THE PROBLEM:
Write out the data again exactly, skipping every picture.

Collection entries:
☆ ☆ ☆ ☆ ☆ ☆ ☆
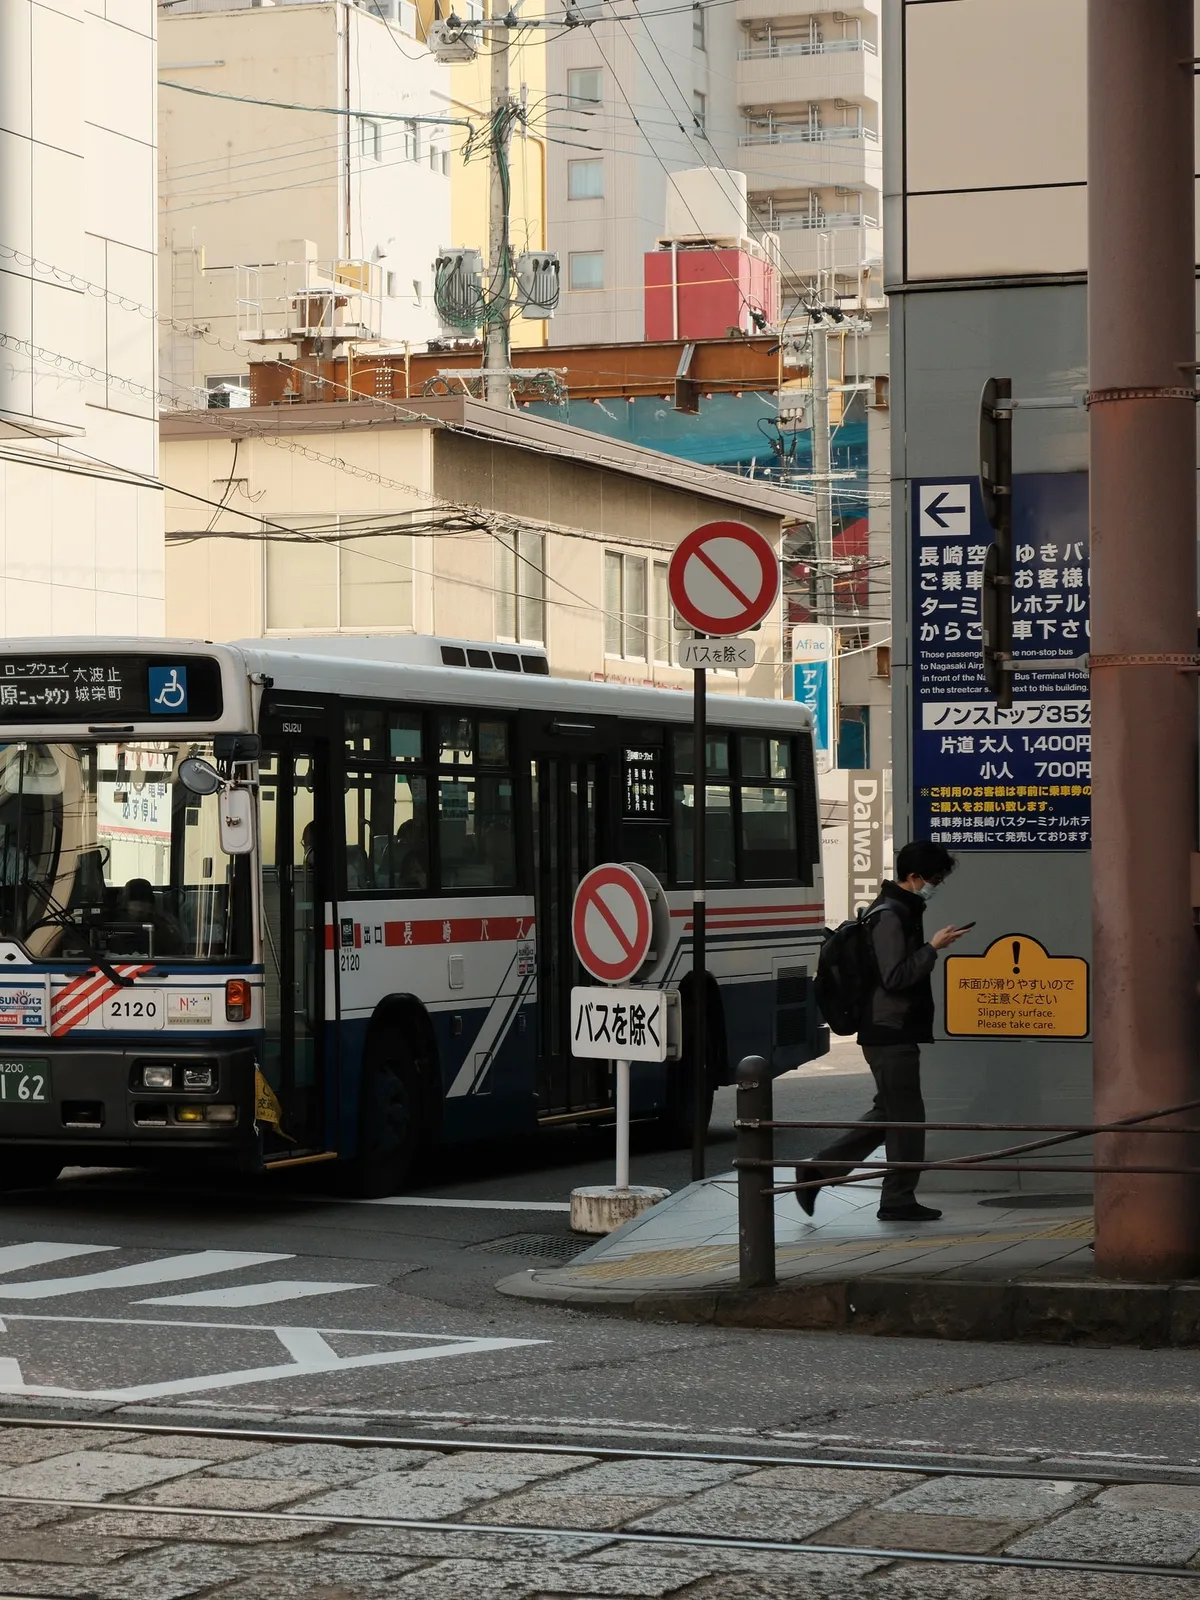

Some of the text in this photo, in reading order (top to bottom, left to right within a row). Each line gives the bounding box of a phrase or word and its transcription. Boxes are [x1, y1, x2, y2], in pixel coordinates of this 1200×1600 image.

[796, 638, 824, 650] Aflac
[686, 646, 746, 662] バスを除く
[4, 662, 69, 675] ロープウェイ
[930, 662, 966, 671] Nagasaki
[72, 666, 122, 682] 大波止
[1014, 672, 1030, 680] Bus
[1032, 672, 1066, 680] Terminal
[74, 686, 122, 702] 城栄町
[1056, 684, 1089, 693] building.
[282, 722, 302, 733] ISUZU
[940, 734, 1092, 754] 片道 大人 1,400円
[980, 761, 1092, 780] 小人 700円
[930, 800, 1054, 813] ご購入をお願い致します。
[853, 780, 880, 872] Daiwa
[930, 816, 1090, 828] 乗車券は長崎バスターミナルホテ
[364, 926, 382, 944] 出口
[341, 954, 360, 971] 2120
[958, 978, 1074, 990] 床面が滑りやすいので
[977, 993, 1058, 1005] ご注意ください
[111, 1001, 156, 1018] 2120
[978, 1008, 1055, 1018] Slippery surface.
[575, 1002, 660, 1047] バスを除く
[978, 1020, 1007, 1029] Please
[1010, 1020, 1030, 1029] take
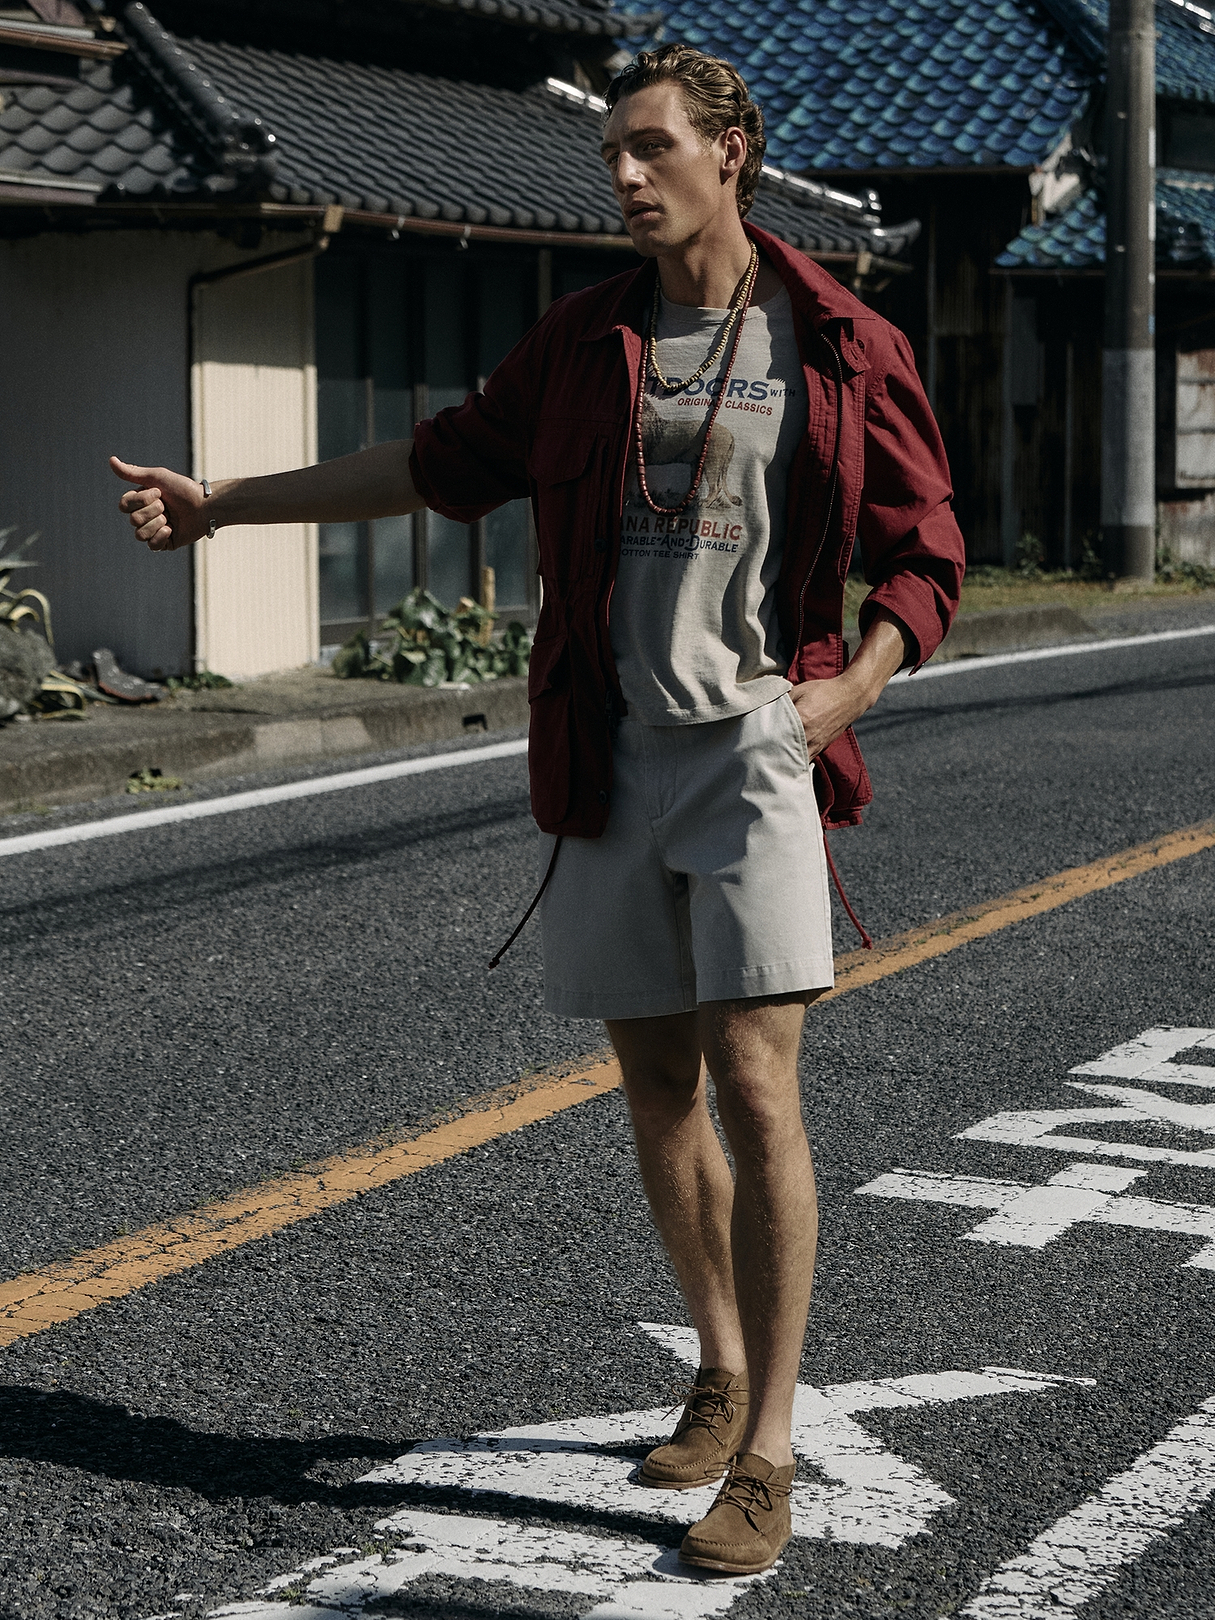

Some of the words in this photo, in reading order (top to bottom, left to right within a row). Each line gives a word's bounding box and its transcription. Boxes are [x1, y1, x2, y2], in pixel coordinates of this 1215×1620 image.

[770, 388, 795, 397] WITH
[677, 397, 719, 408] ORIGINA
[725, 400, 773, 416] CLASSICS
[620, 516, 649, 533] NA
[653, 516, 743, 541] REPUBLIC
[620, 548, 650, 557] OTTON
[653, 550, 671, 558] TEE
[673, 551, 699, 560] SHIRT
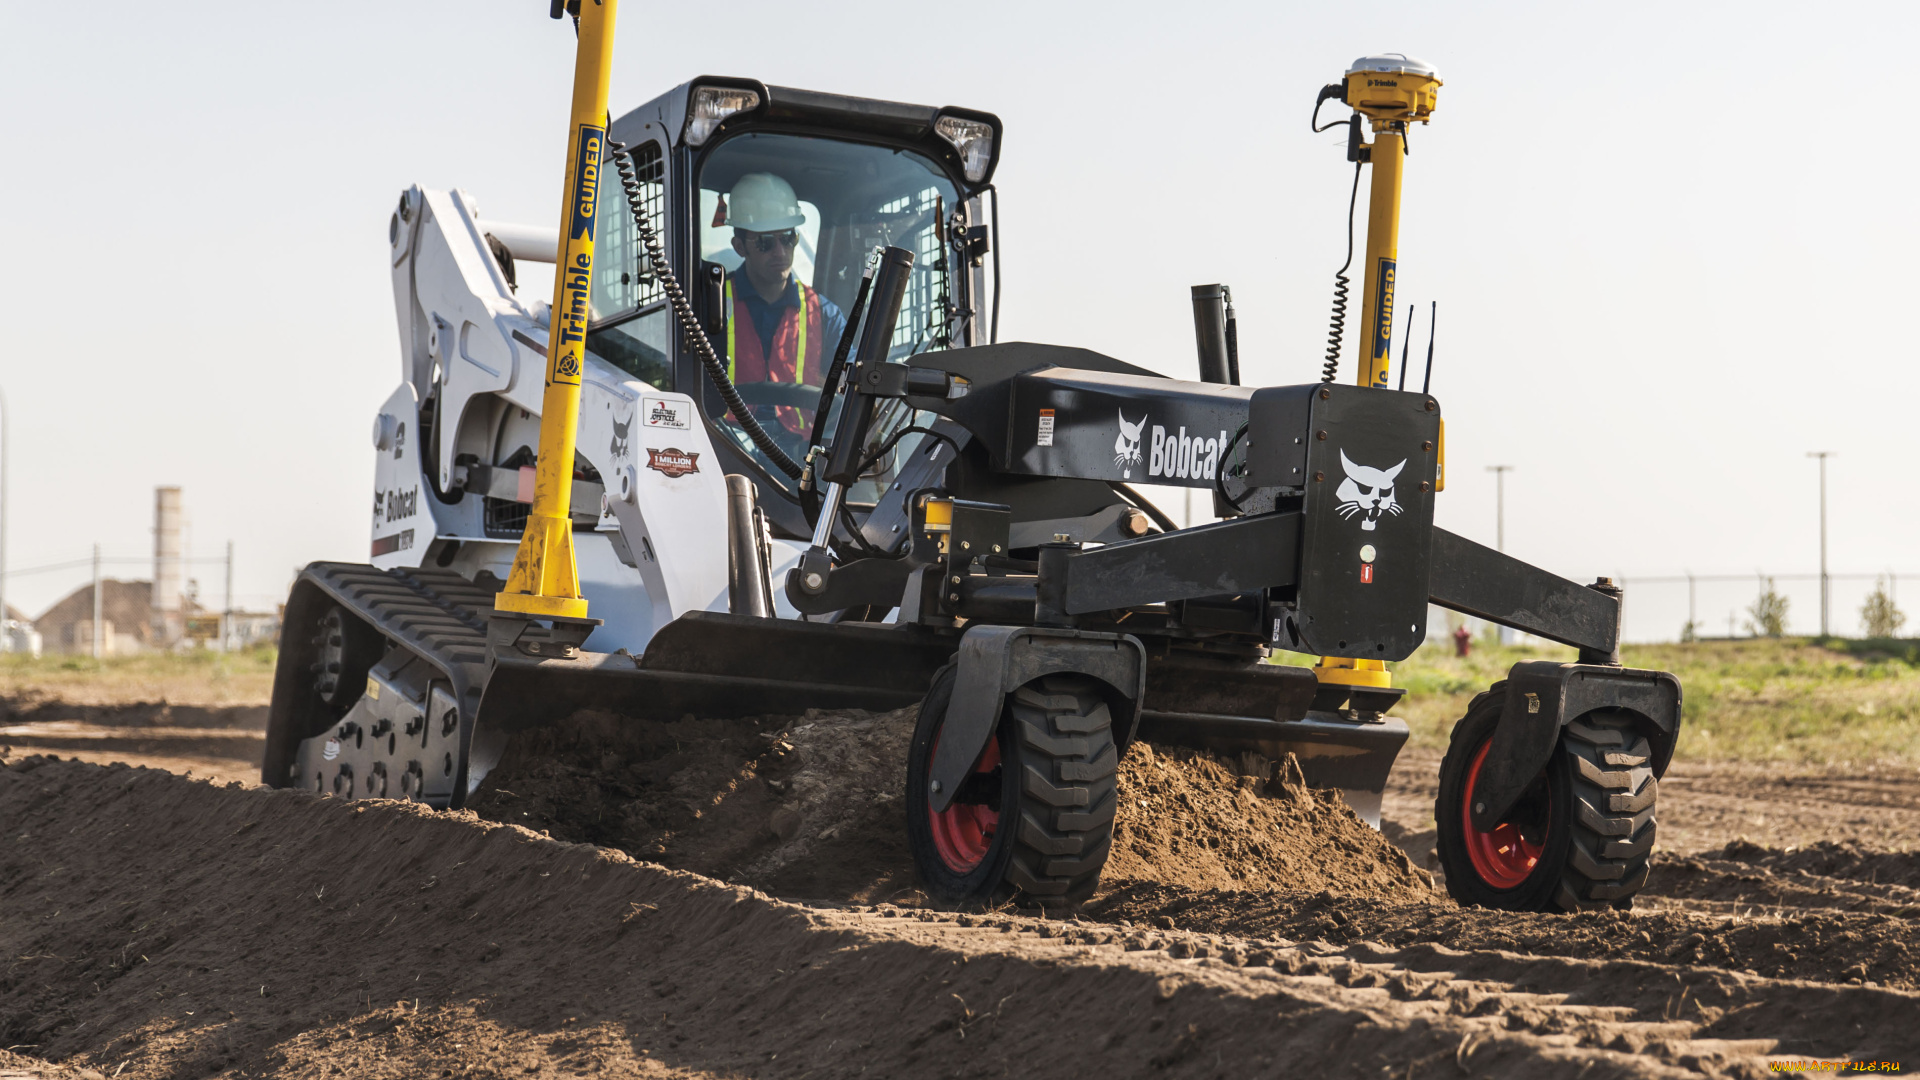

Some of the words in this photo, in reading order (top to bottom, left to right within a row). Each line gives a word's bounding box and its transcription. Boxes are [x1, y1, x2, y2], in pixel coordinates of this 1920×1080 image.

[1374, 79, 1397, 87] Trimble
[561, 253, 591, 345] Trimble
[580, 137, 600, 218] GUIDED
[1381, 269, 1395, 340] GUIDED
[660, 456, 691, 465] MILLION
[1149, 425, 1227, 481] Bobcat
[386, 484, 417, 522] Bobcat
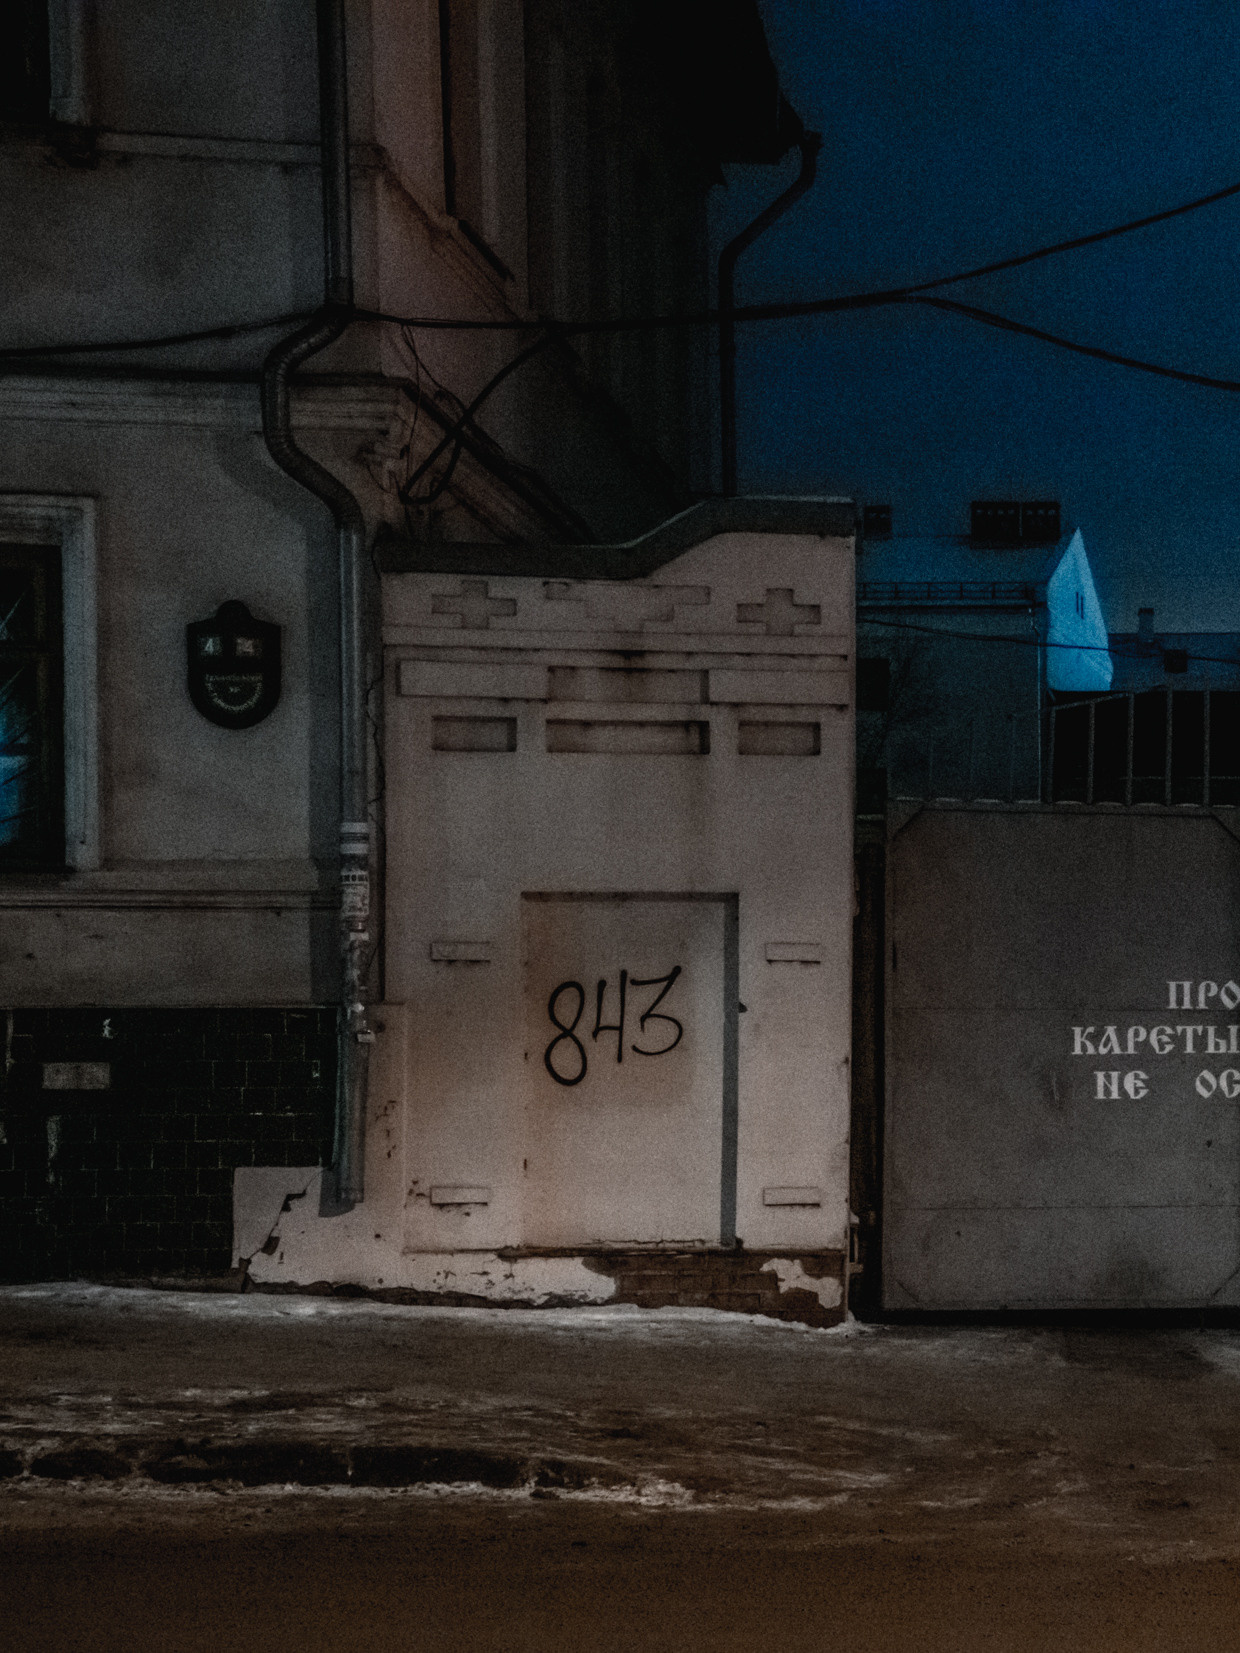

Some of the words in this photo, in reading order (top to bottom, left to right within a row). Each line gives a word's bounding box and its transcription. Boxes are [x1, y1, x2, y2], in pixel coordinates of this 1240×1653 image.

[545, 965, 683, 1087] 843
[1071, 1025, 1240, 1055] КАРЕТЫ
[1094, 1070, 1149, 1100] НЕ
☆ ☆ ☆ ☆ ☆ ☆ ☆
TASK OUTPUT:
Some of the text in this photo, in reading order (top to bottom, left to right within a row). Each line gives the bounding box of a phrase or word and its transcription. Boxes are [x1, y1, x2, y2], in pixel coordinates of this 1200×1600 image.

[796, 638, 824, 650] Aflac
[686, 646, 746, 662] バスを除く
[4, 662, 69, 675] ロープウェイ
[930, 662, 966, 671] Nagasaki
[72, 666, 122, 682] 大波止
[1014, 672, 1030, 680] Bus
[1032, 672, 1066, 680] Terminal
[74, 686, 122, 702] 城栄町
[1056, 684, 1089, 693] building.
[282, 722, 302, 733] ISUZU
[940, 734, 1092, 754] 片道 大人 1,400円
[980, 761, 1092, 780] 小人 700円
[930, 800, 1054, 813] ご購入をお願い致します。
[853, 780, 880, 872] Daiwa
[930, 816, 1090, 828] 乗車券は長崎バスターミナルホテ
[364, 926, 382, 944] 出口
[341, 954, 360, 971] 2120
[958, 978, 1074, 990] 床面が滑りやすいので
[977, 993, 1058, 1005] ご注意ください
[111, 1001, 156, 1018] 2120
[978, 1008, 1055, 1018] Slippery surface.
[575, 1002, 660, 1047] バスを除く
[978, 1020, 1007, 1029] Please
[1010, 1020, 1030, 1029] take

Some of the words in this photo, in reading order (top to bottom, left to right within a row). Each line gives a word's bounding box and its transcription. Boxes are [x1, y1, x2, y2], in pixel coordinates of this 1215×1620 image.

[770, 388, 795, 397] WITH
[677, 397, 719, 408] ORIGINA
[725, 400, 773, 416] CLASSICS
[620, 516, 649, 533] NA
[653, 516, 743, 541] REPUBLIC
[620, 548, 650, 557] OTTON
[653, 550, 671, 558] TEE
[673, 551, 699, 560] SHIRT

Some of the words in this photo, in reading order (top to bottom, left to right within a row). Each line gives a word's bounding box and its transcription. Boxes are [x1, y1, x2, y2], in pixel coordinates of this 1920×1080 image.

[1374, 79, 1397, 87] Trimble
[561, 253, 591, 345] Trimble
[580, 137, 600, 218] GUIDED
[1381, 269, 1395, 340] GUIDED
[660, 456, 691, 465] MILLION
[1149, 425, 1227, 481] Bobcat
[386, 484, 417, 522] Bobcat

Some of the words in this photo, in reading order (top to bottom, left to right within a row). Each line gives a word's bounding box and its transcription. Boxes are [x1, y1, x2, y2], in pixel coordinates of this 1240×1653 image.

[545, 965, 683, 1087] 843
[1071, 1025, 1240, 1055] КАРЕТЫ
[1094, 1070, 1149, 1100] НЕ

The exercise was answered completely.